**AIM OF THE EXERCISE**
Repeat word for word, please, only the lines of the material from the one containing "this 1509×1629 image." through its final line, both ends included.

**DATASET EXCERPTS**
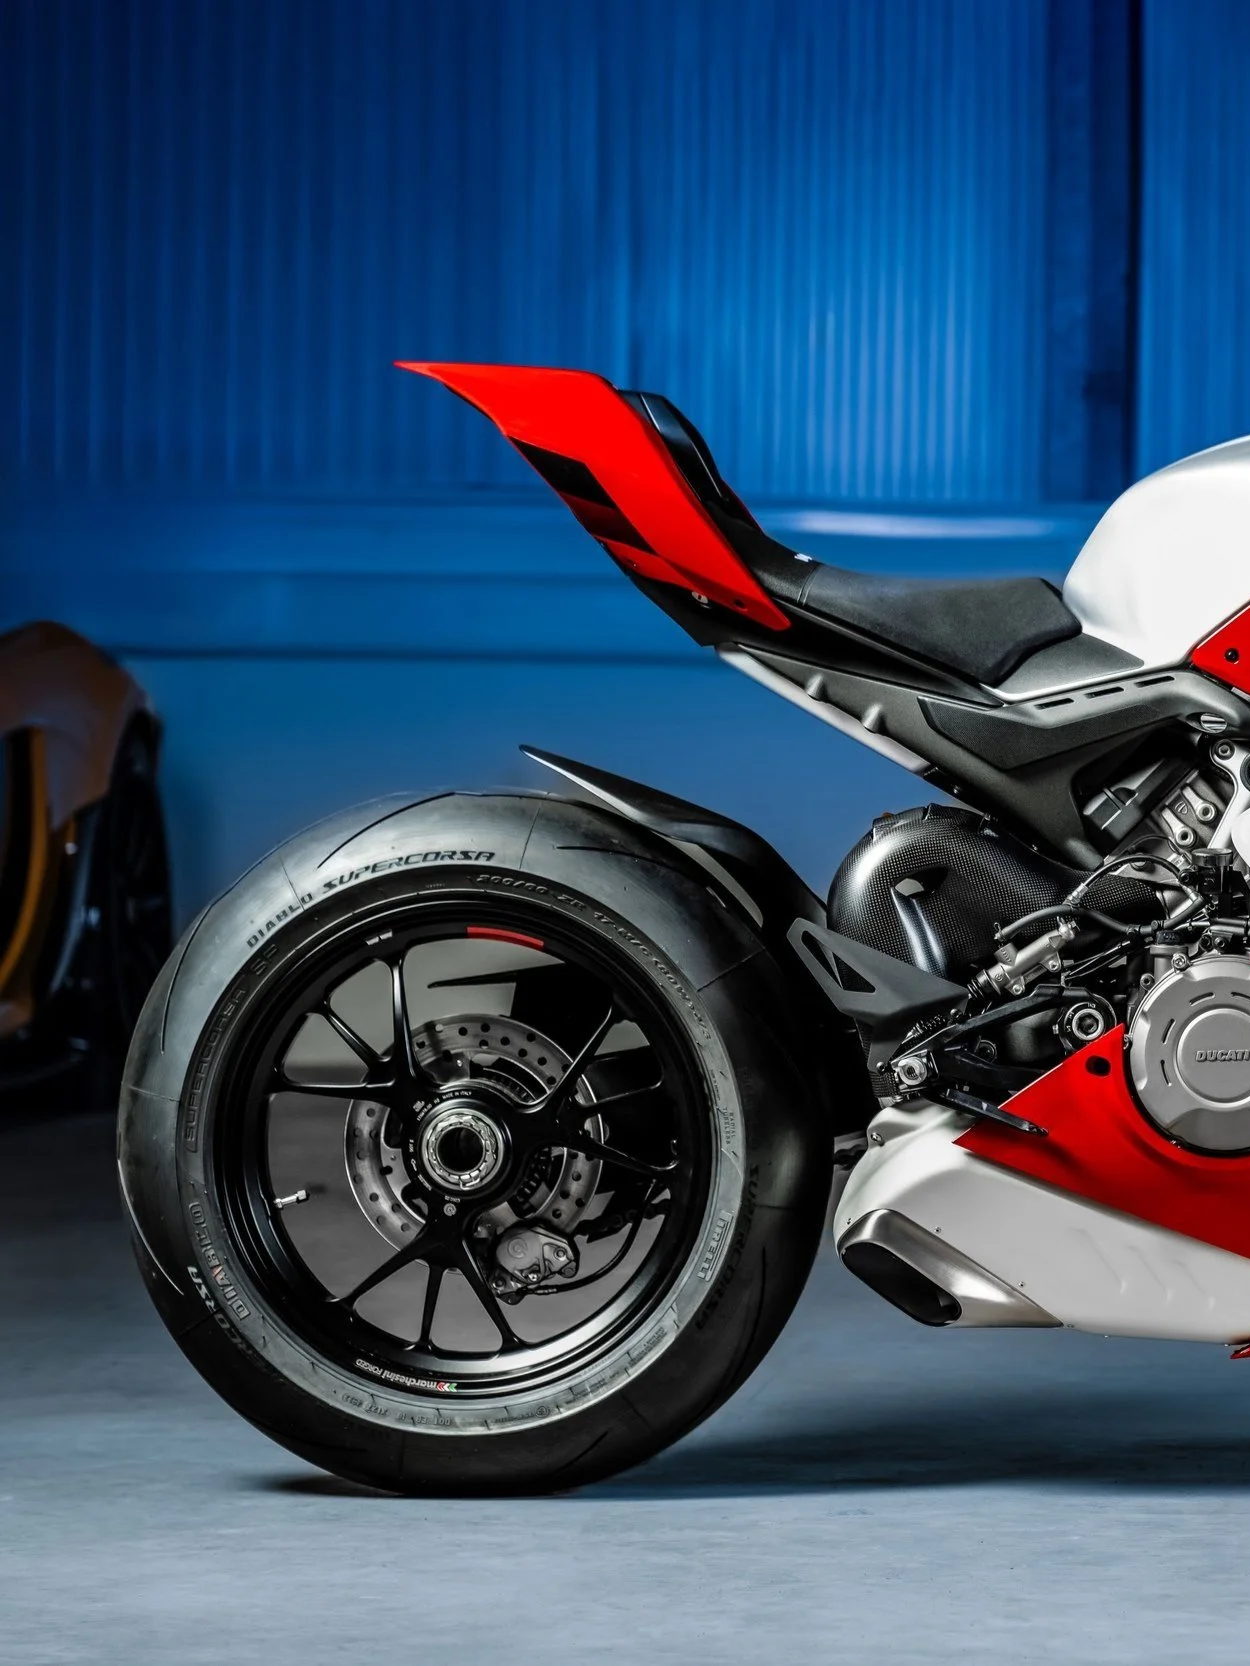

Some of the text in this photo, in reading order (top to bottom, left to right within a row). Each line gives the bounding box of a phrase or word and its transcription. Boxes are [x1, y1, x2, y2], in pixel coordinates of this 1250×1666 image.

[246, 850, 496, 949] DIABLO SUPERCORSA
[183, 989, 247, 1143] SUPERCORSA
[1195, 1050, 1250, 1063] DUCATI
[188, 1201, 251, 1321] DIABLO
[696, 1209, 737, 1283] PIRELLI
[382, 1370, 438, 1389] marchesini
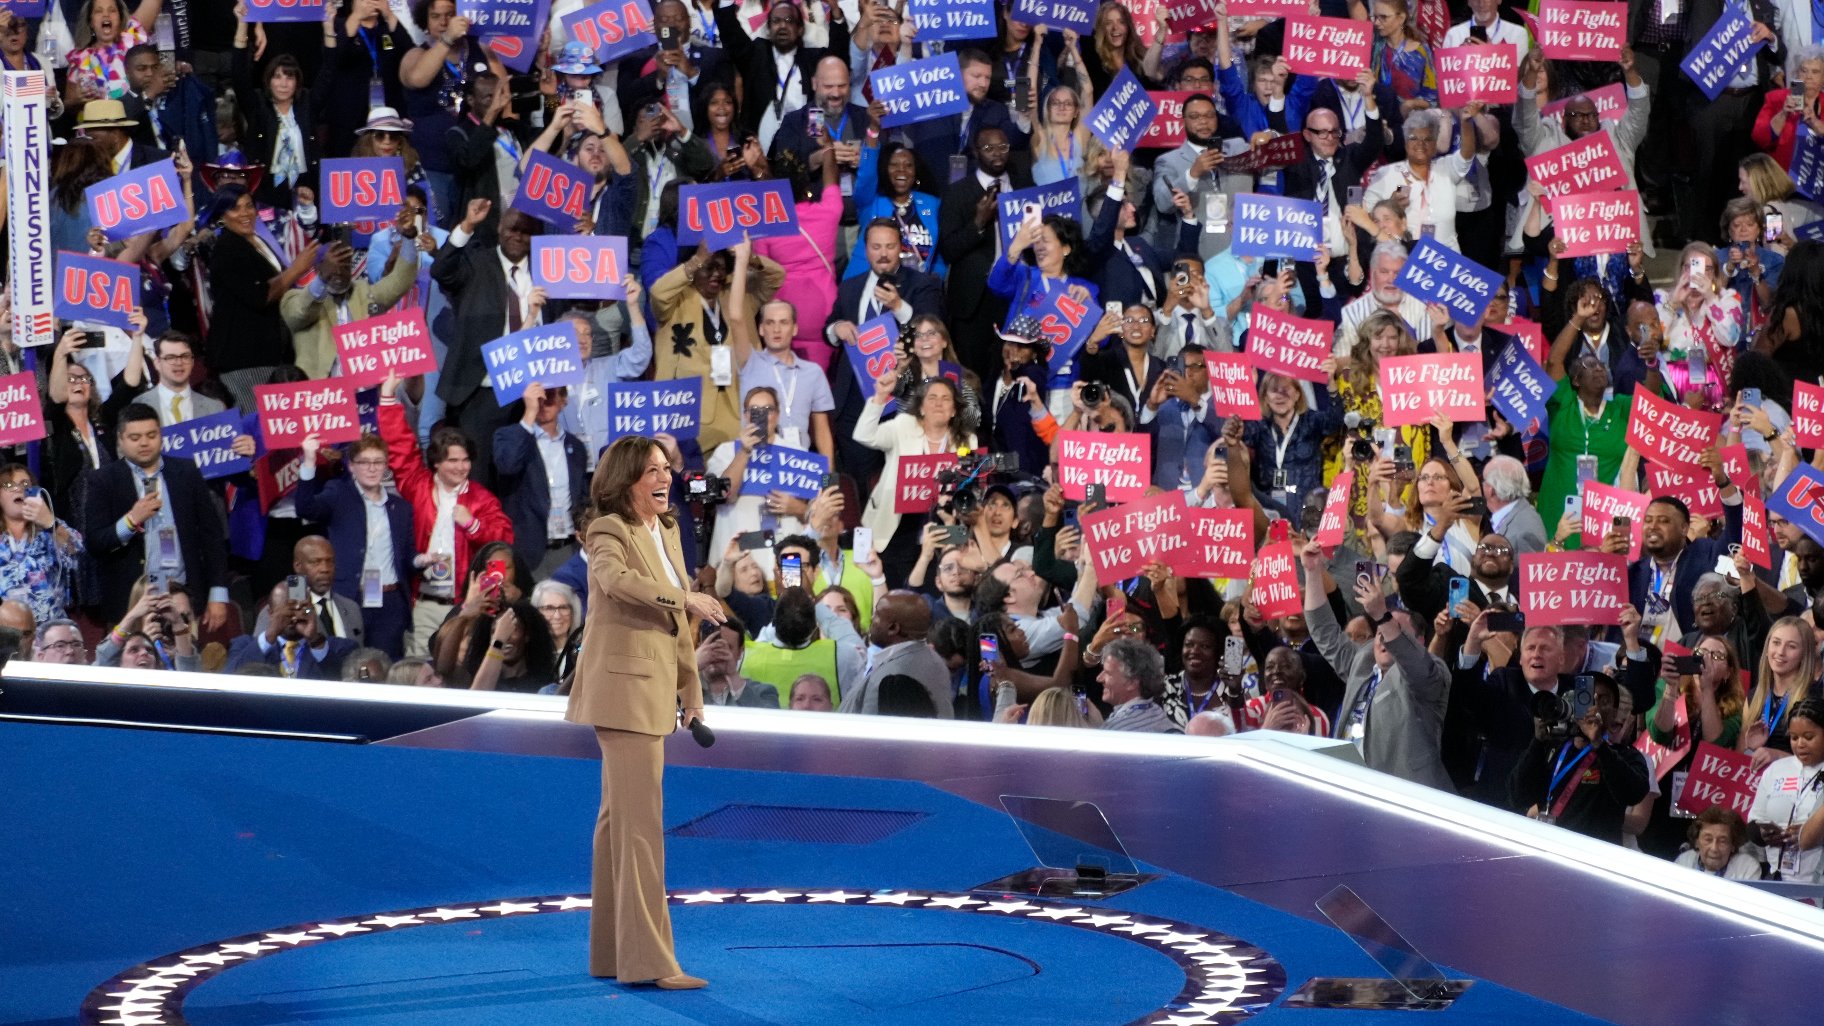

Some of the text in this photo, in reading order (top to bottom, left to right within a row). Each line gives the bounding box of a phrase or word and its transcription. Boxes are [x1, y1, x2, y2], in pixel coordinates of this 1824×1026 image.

[462, 9, 531, 26] We Win.
[914, 10, 989, 29] We Win.
[1020, 0, 1090, 24] We Win.
[1169, 5, 1196, 21] We
[1546, 8, 1621, 29] We Fight,
[572, 2, 649, 51] USA
[1291, 22, 1366, 48] We Fight,
[1544, 31, 1620, 50] We Win.
[1690, 20, 1744, 76] We Vote,
[1289, 44, 1365, 68] We Win.
[1440, 53, 1512, 73] We Fight,
[1702, 34, 1754, 89] We Win
[877, 66, 955, 95] We Vote,
[1443, 75, 1512, 94] We Win.
[885, 88, 960, 115] We Win.
[1092, 79, 1138, 134] We Vote,
[1157, 99, 1182, 118] Fig
[1110, 100, 1151, 150] We Win.
[1144, 122, 1160, 136] e
[1534, 143, 1610, 182] We Fight,
[329, 168, 402, 208] USA
[526, 162, 588, 218] USA
[1546, 166, 1618, 200] We Win.
[24, 104, 44, 306] TENNESSEE
[94, 174, 178, 228] USA
[706, 190, 790, 234] USA
[1038, 190, 1076, 210] Vote,
[1560, 200, 1634, 220] We Fight,
[1242, 203, 1318, 228] We Vote,
[1240, 227, 1318, 250] We Win.
[1562, 224, 1636, 245] We Win.
[540, 246, 620, 285] USA
[1418, 245, 1489, 296] We Vote,
[63, 266, 134, 314] USA
[1406, 265, 1436, 292] We
[1436, 282, 1476, 316] Win.
[341, 320, 421, 350] We Fight,
[1040, 293, 1089, 361] SA
[1256, 313, 1326, 349] We Fight,
[347, 346, 427, 376] We Win.
[489, 334, 572, 368] We Vote,
[1252, 336, 1323, 370] We Win.
[496, 358, 576, 392] We Win.
[1208, 360, 1249, 385] We Fight,
[1388, 364, 1476, 388] We Fight,
[1514, 360, 1543, 400] Vote,
[0, 386, 32, 407] ght,
[263, 394, 290, 412] We
[293, 387, 348, 409] Fight,
[615, 388, 696, 410] We Vote,
[1213, 386, 1254, 406] We Win.
[1390, 388, 1477, 411] We Win.
[1498, 378, 1528, 418] Win.
[1798, 391, 1820, 412] We
[269, 413, 352, 435] We Win.
[615, 413, 696, 432] We Win.
[1638, 395, 1710, 443] We Fight,
[1796, 416, 1822, 437] We
[189, 424, 238, 445] Vote,
[1632, 420, 1702, 466] We Win
[194, 448, 242, 470] Win.
[778, 452, 823, 474] Vote,
[1063, 440, 1142, 465] We Fight,
[742, 468, 772, 486] We
[778, 472, 822, 492] Win.
[904, 463, 930, 480] We
[1064, 467, 1143, 488] We Win.
[1655, 470, 1684, 488] We
[902, 484, 932, 502] We
[1586, 490, 1642, 523] We Fight,
[1091, 504, 1182, 544] We Fight,
[1196, 518, 1247, 539] Fight,
[1584, 514, 1599, 536] We
[1098, 534, 1188, 570] We Win.
[1204, 545, 1248, 566] Win.
[1263, 554, 1292, 580] Fight,
[1528, 562, 1622, 586] We Fight,
[1252, 582, 1296, 606] We Win.
[1528, 589, 1624, 611] We Win.
[1701, 754, 1732, 778] We
[1731, 765, 1761, 793] Fig
[1692, 780, 1726, 805] We
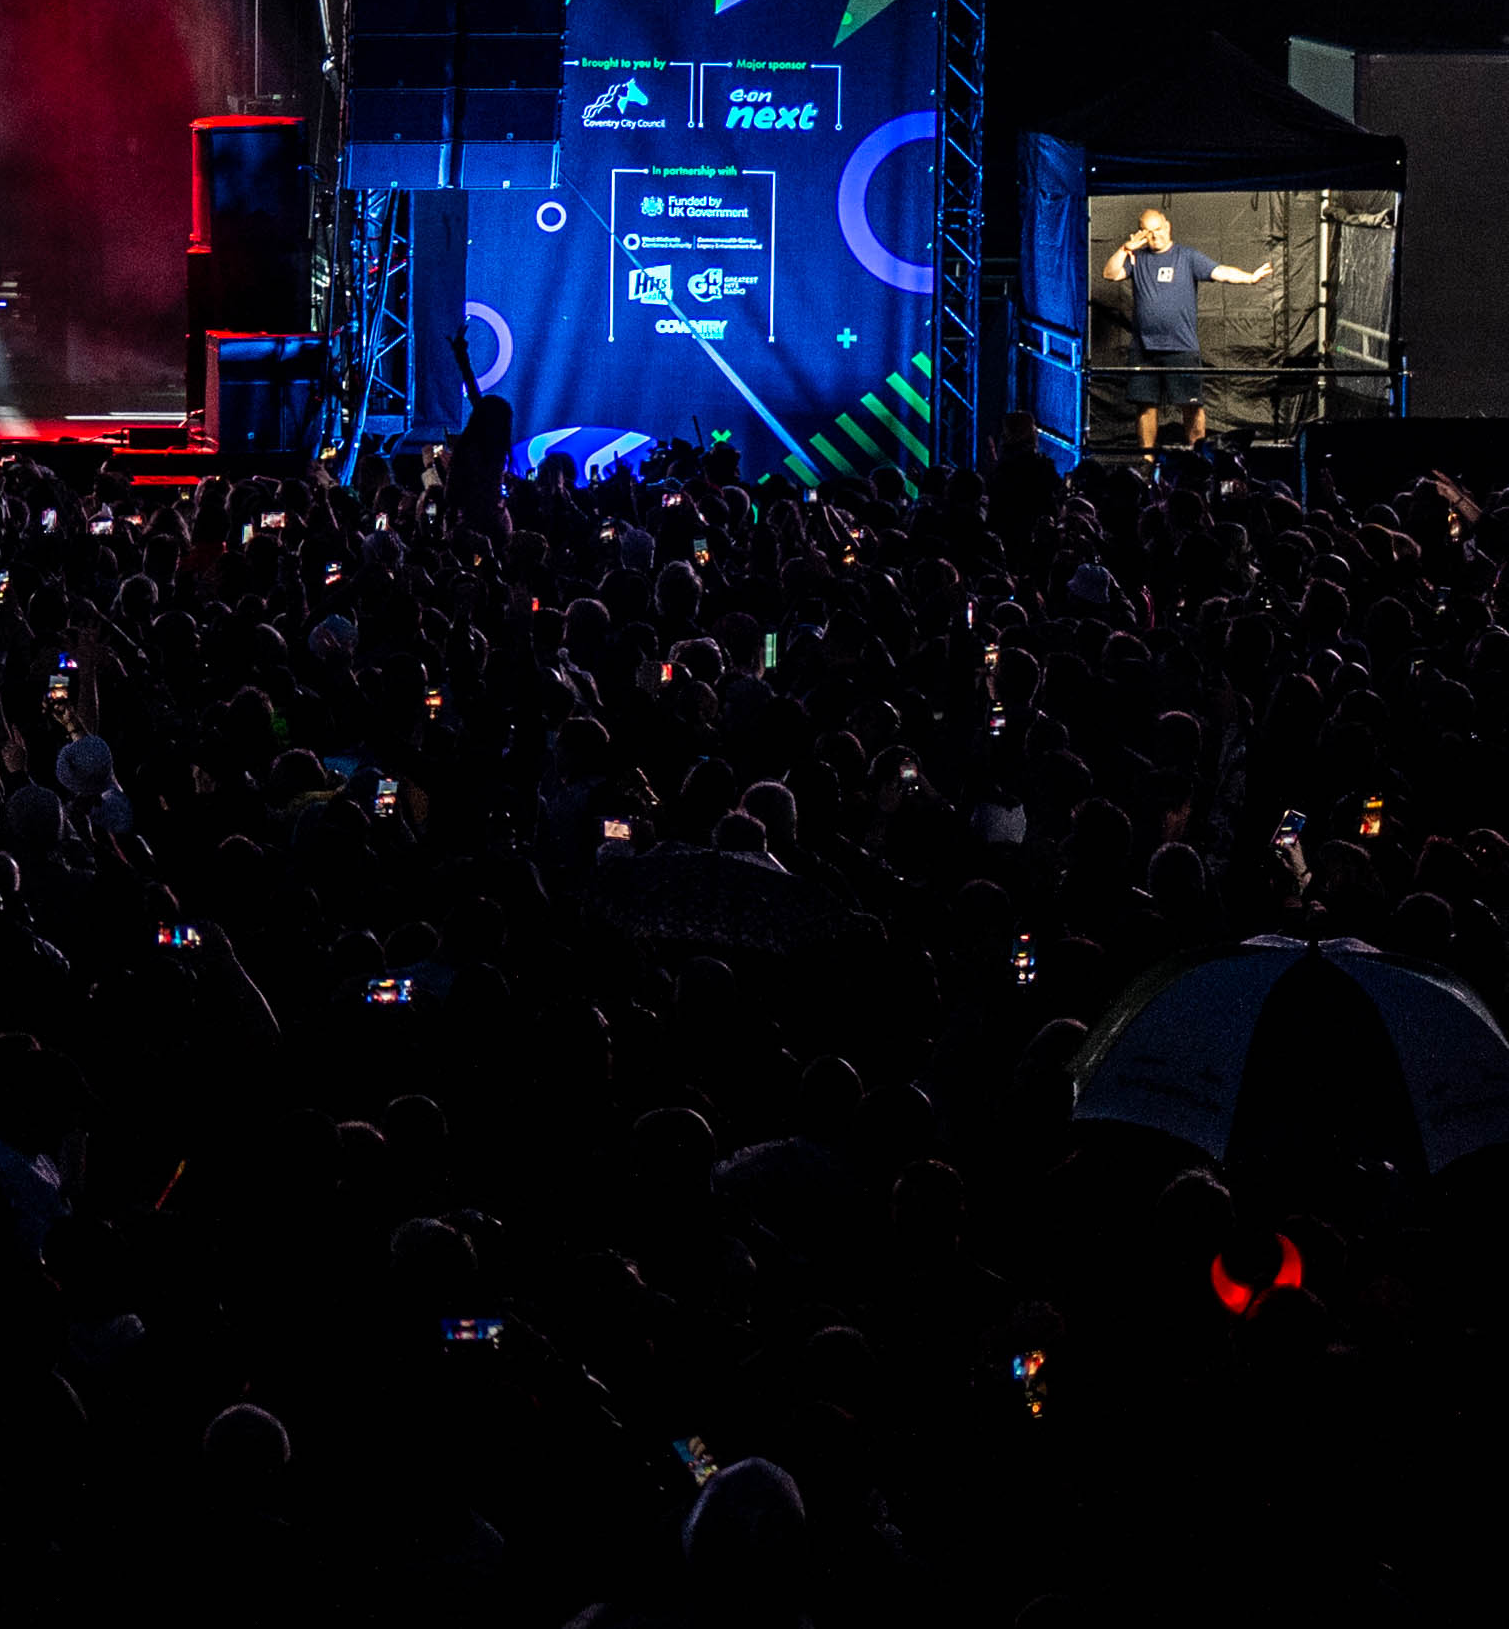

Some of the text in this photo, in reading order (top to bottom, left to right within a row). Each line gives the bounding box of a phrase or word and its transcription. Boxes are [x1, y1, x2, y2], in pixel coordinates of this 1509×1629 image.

[582, 58, 667, 70] Brought to you by
[736, 59, 807, 72] Major sponsor
[725, 102, 819, 129] next
[583, 119, 666, 129] Coventry City Council
[652, 164, 738, 178] In partnership with
[668, 196, 723, 208] Funded by
[668, 207, 749, 218] UK Government

**SOLVED PROBLEM**
Some of the text in this photo, in reading order (top to bottom, left to right within a row). Each line gives the bounding box of a phrase or word and its transcription. Boxes are [x1, y1, x2, y2], in pixel coordinates of this 1509×1629 image.

[582, 58, 667, 70] Brought to you by
[736, 59, 807, 72] Major sponsor
[725, 102, 819, 129] next
[583, 119, 666, 129] Coventry City Council
[652, 164, 738, 178] In partnership with
[668, 196, 723, 208] Funded by
[668, 207, 749, 218] UK Government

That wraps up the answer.